The latest pronouncement by our Cowboy-in-Chief about the possibility of war dipped into the president’s vocabulary of the vernacular: “The game is over.”
Could the administration be looking to popular culture for more than just catch phrases? A recent article in the Wall Street Journal pointed out a new development in television that is disappointing, inevitable and curiously reminiscent of Bush’s governing strategy.
The Journal reported that “sweeps week,” long the haven of stunt programming designed to breathe momentary life into established series (with such attention-getting stunts as celebrity guest stars and the opening of various tombs and vaults), has become a sad, self-contained mini-season all its own — designed to expire ingloriously after the advertising rates are secured. Upcoming during this February’s sweeps week: ABC’s Are You Hot?—a contest that adopts the ruthless ego-bashing celebrity panel of judges of FOX’s American Idol, but eliminates any need for talent.

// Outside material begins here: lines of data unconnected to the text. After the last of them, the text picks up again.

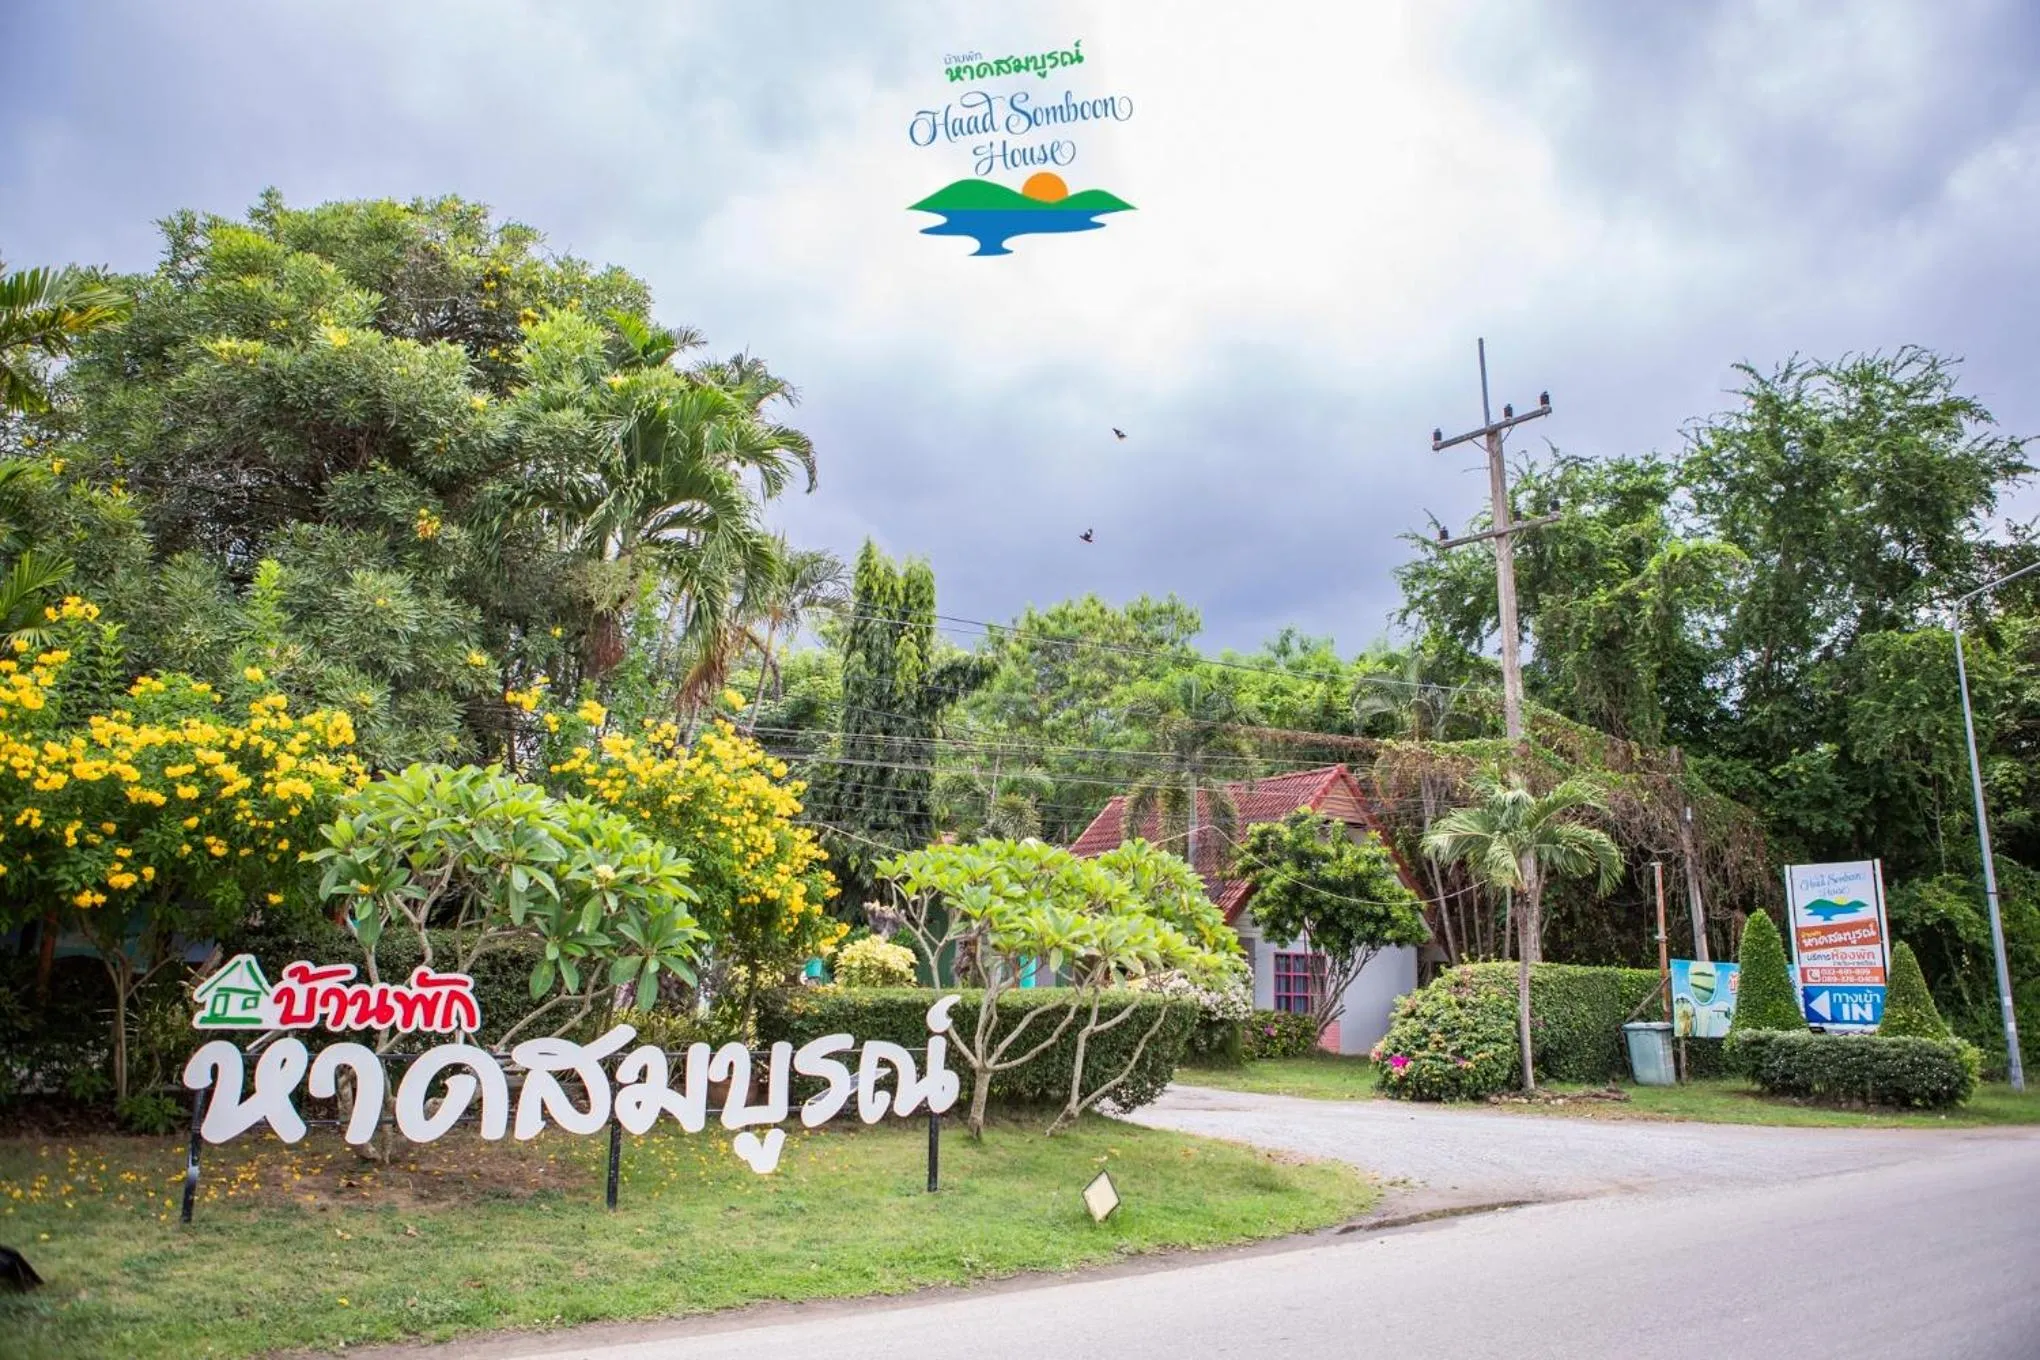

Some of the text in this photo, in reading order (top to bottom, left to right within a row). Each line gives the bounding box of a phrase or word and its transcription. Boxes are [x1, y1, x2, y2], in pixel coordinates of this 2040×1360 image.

[273, 961, 478, 1031] บ้านพัก
[1832, 988, 1881, 1004] ทางเข้า
[1842, 1003, 1874, 1021] IN
[183, 994, 961, 1174] หาดสมบูรณ์
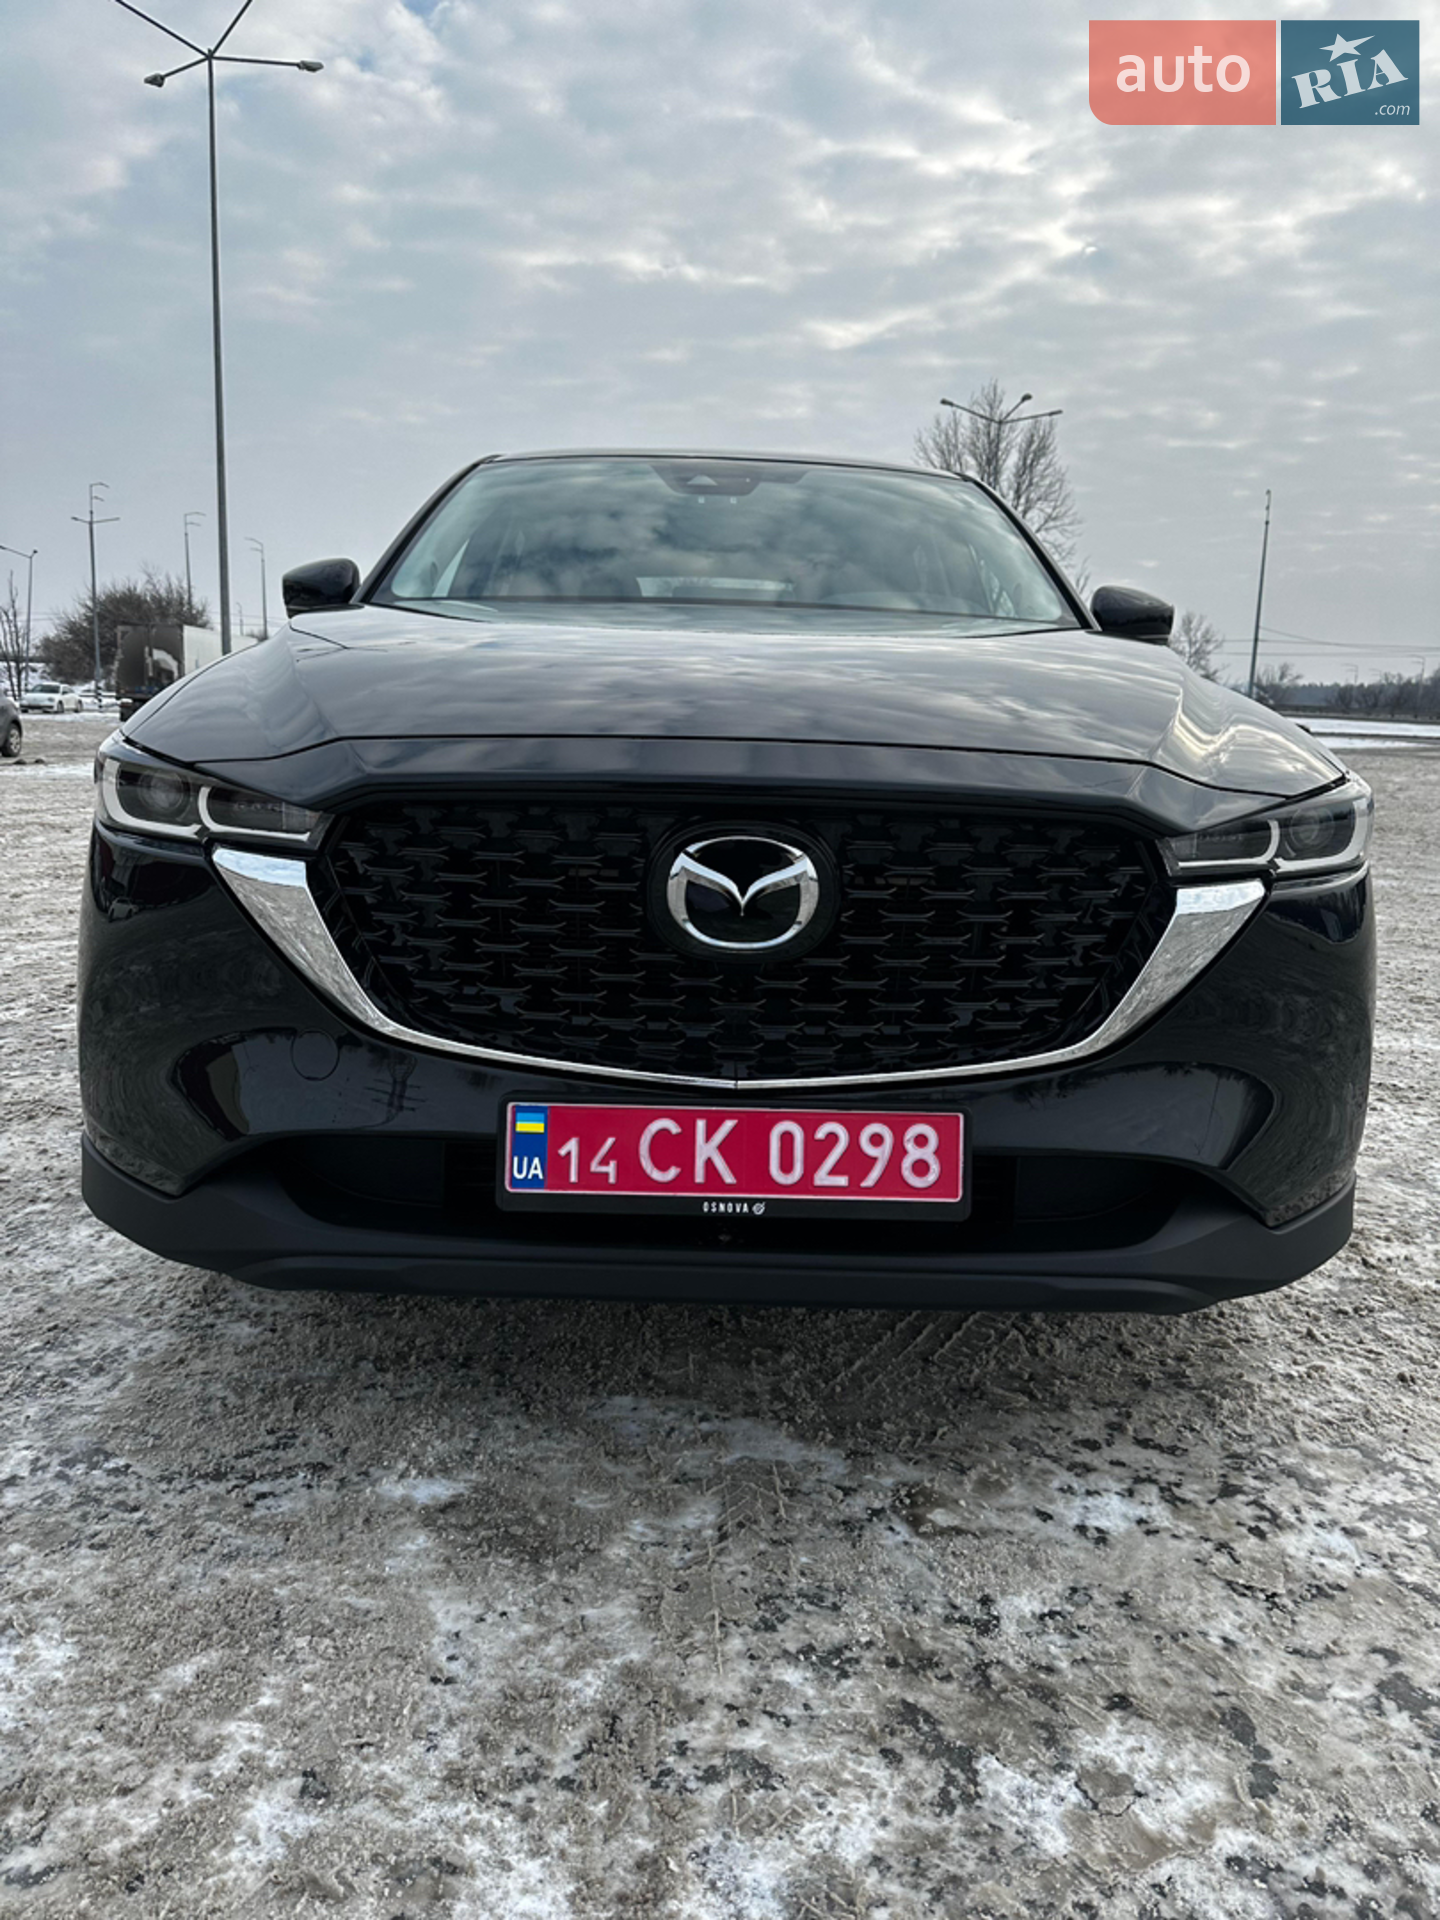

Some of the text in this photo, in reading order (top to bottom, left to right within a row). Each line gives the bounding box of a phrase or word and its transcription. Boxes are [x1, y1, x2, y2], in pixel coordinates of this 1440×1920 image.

[557, 1117, 941, 1189] 14 CK 0298
[513, 1155, 543, 1180] UA
[702, 1201, 749, 1214] OSNOVA
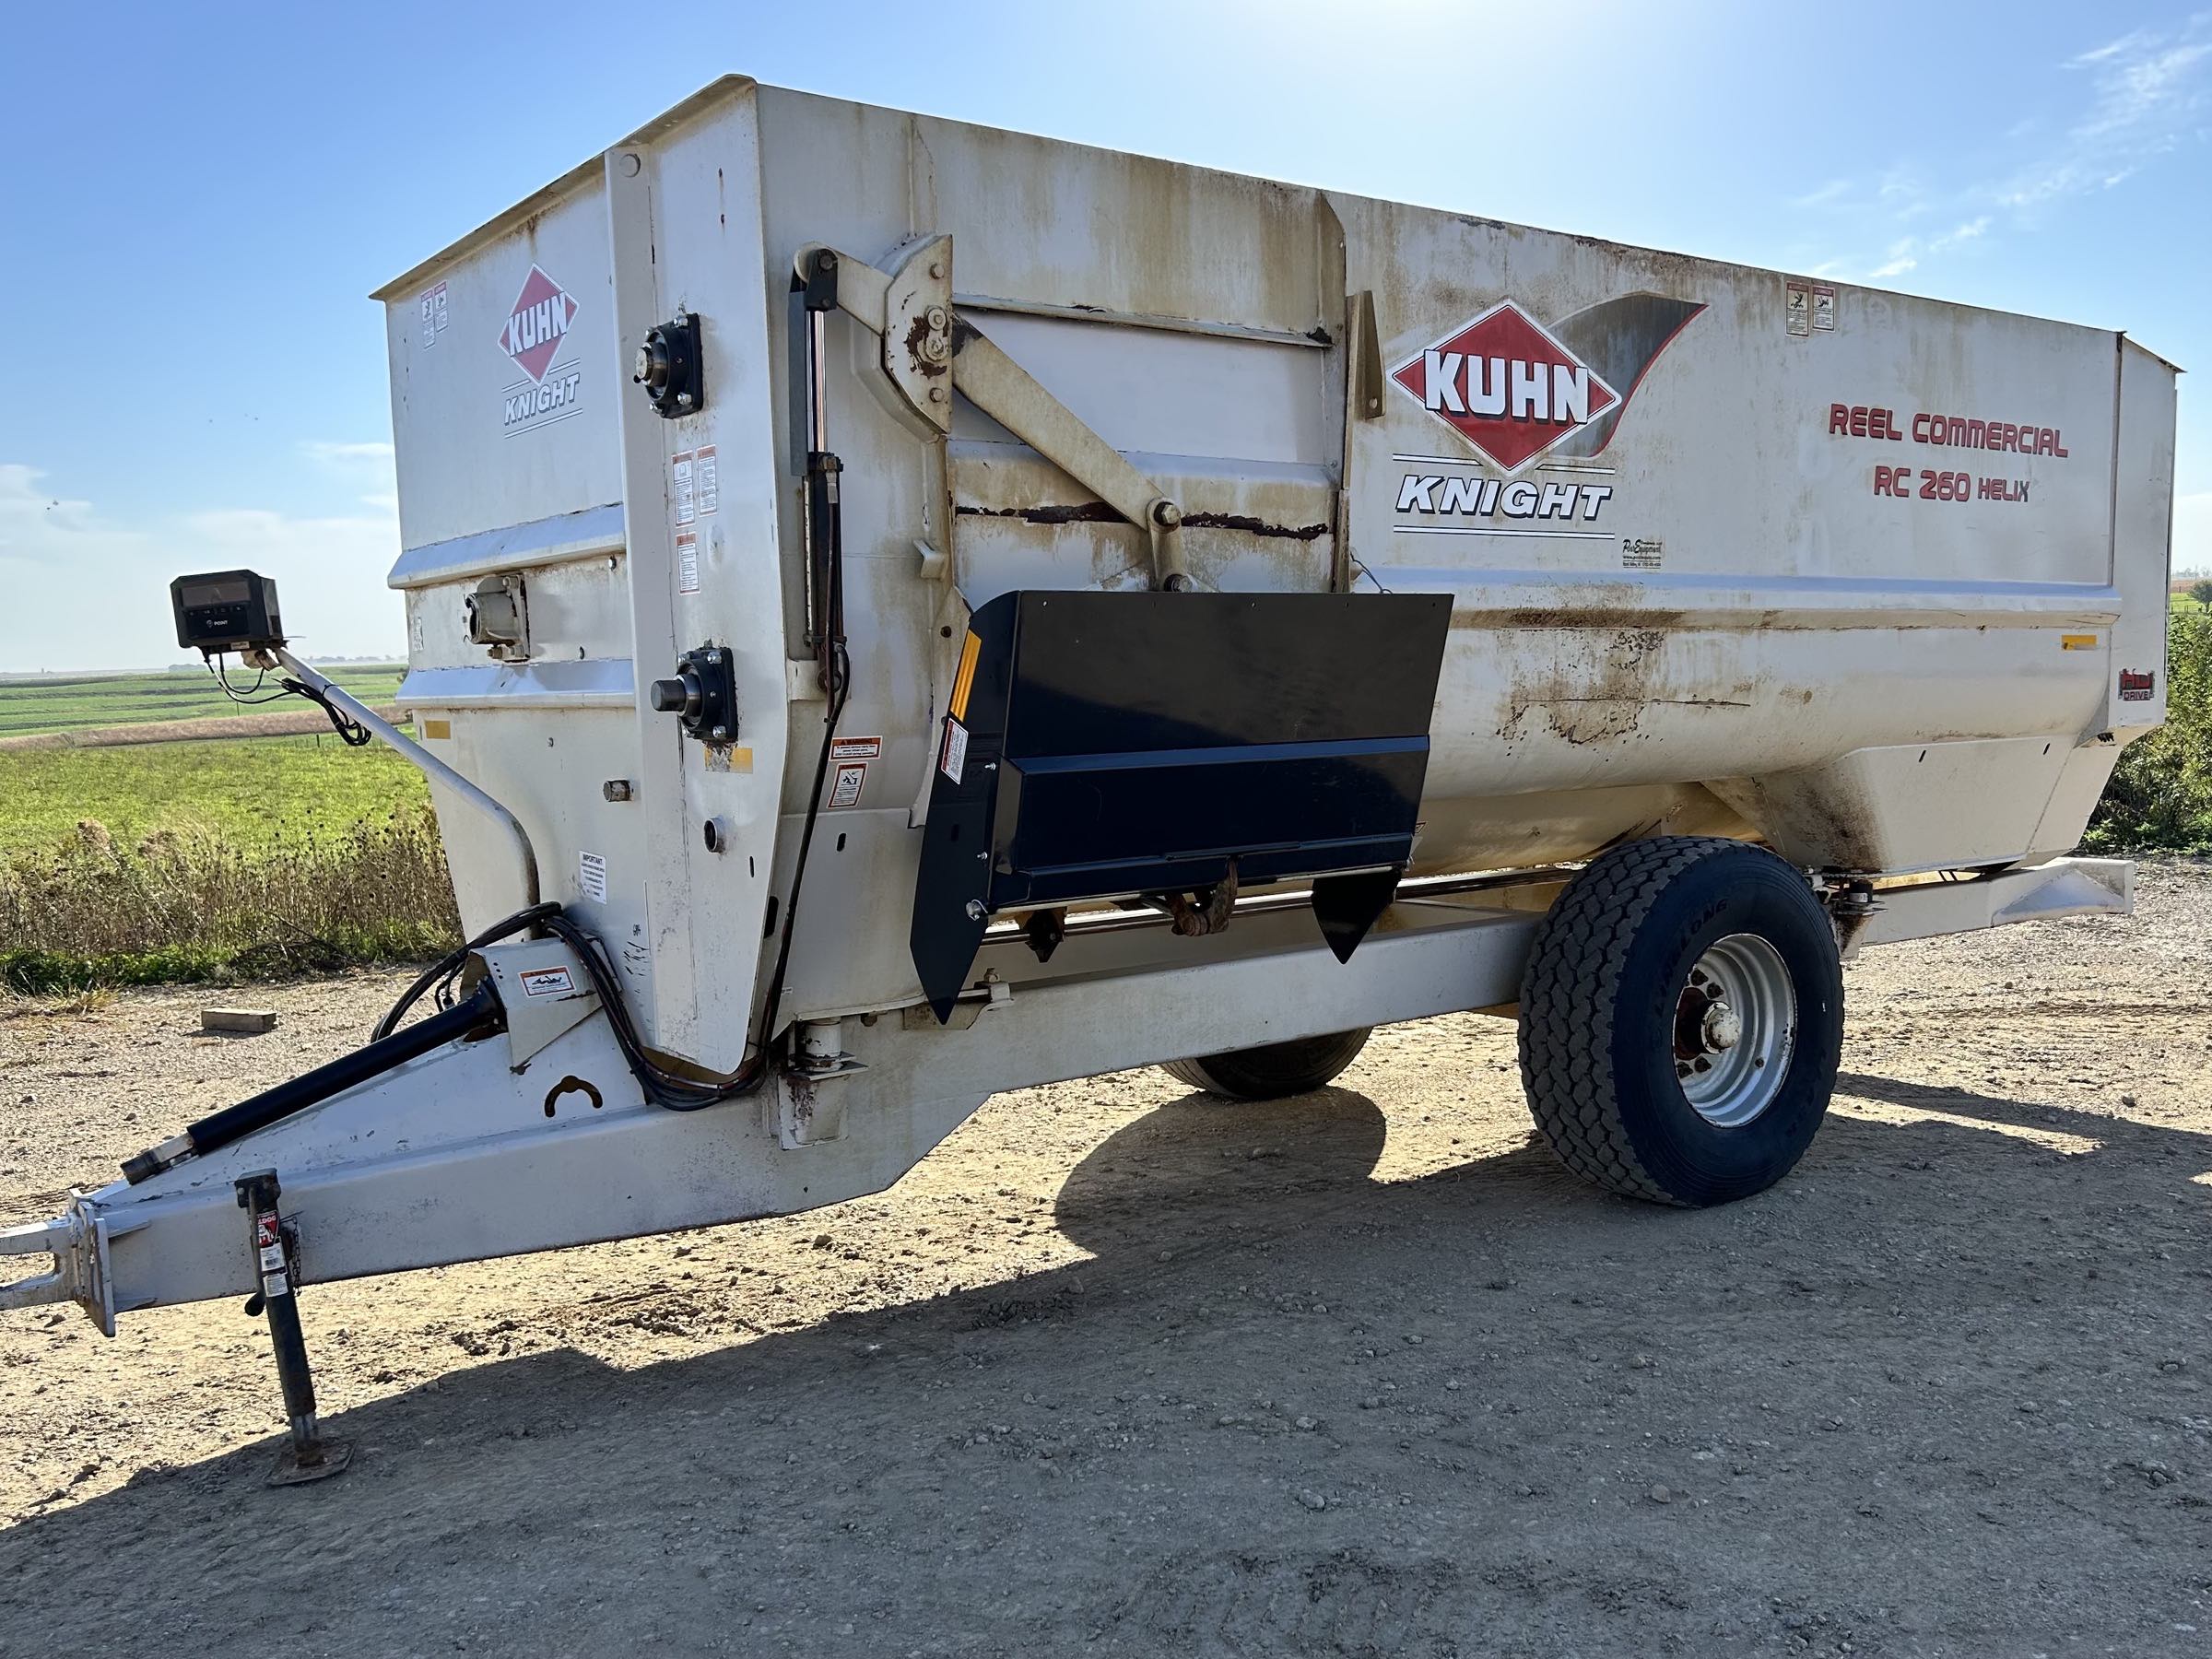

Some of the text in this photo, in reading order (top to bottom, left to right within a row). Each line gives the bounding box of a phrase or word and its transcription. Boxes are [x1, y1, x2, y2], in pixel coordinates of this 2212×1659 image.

Also coming in February, if you believe the president’s boast of “weeks, not months,” is a sensationalist sequel to the Gulf War. I predict high ratings.
An organized PR offensive is already underway. The administration has placed key officials not just on the usual round of Sunday chat shows, but in the warm embrace of local newscasters. Donald Rumsfeld chatted with the anchors of affiliates in Los Angeles, Chicago, Seattle and Minneapolis. Paul Wolfowitz oozed charm with the folks of New York and San Francisco. In Cleveland, WJW-TV came after Wolfowitz with the following: “Mr. Secretary, you’re the expert on Iraq. You’re the guy the president calls for information here. What is the strongest case [Colin Powell made] in front of the United Nations?”
Not exactly a hard-hitting question. But the depressing spectacle of the sweeps week war hides more than a unilateralist will to empire. The war and its accompanying show, good idea or bad, distract us from the rest of Bush’s dismal programming schedule. Worst of all is the Bush budget, a $2.23 trillion-dollar deficit-expanding bonanza of tax cuts, reduced social spending and defense-contractor-pleasing.
The bad news is about what you’d expect. There’s the bald-faced retreat on several programs the president proudly trotted out as recently as last month. At a visit to the National Institutes of Health, Bush lauded a “bioshield” initiative to guard against bioterrorist attacks, but NIH will have a difficult time enacting any new programs under a budget that caps its spending at current levels.
Recently, Housing Secretary Mel Martinez told homebuilders that the administration would put $200 million toward boosting homeownership by low-income families, but the new budget cuts more than twice that amount — $574 million — out of a program for refurbishing existing public-housing units.
And the $15 billion in African AIDS relief Bush proposed in the State of the Union address matches the cuts made from a separate development-aid initiative, a move that prompted one activist group to complain of “robbing Peter to pay Peter.”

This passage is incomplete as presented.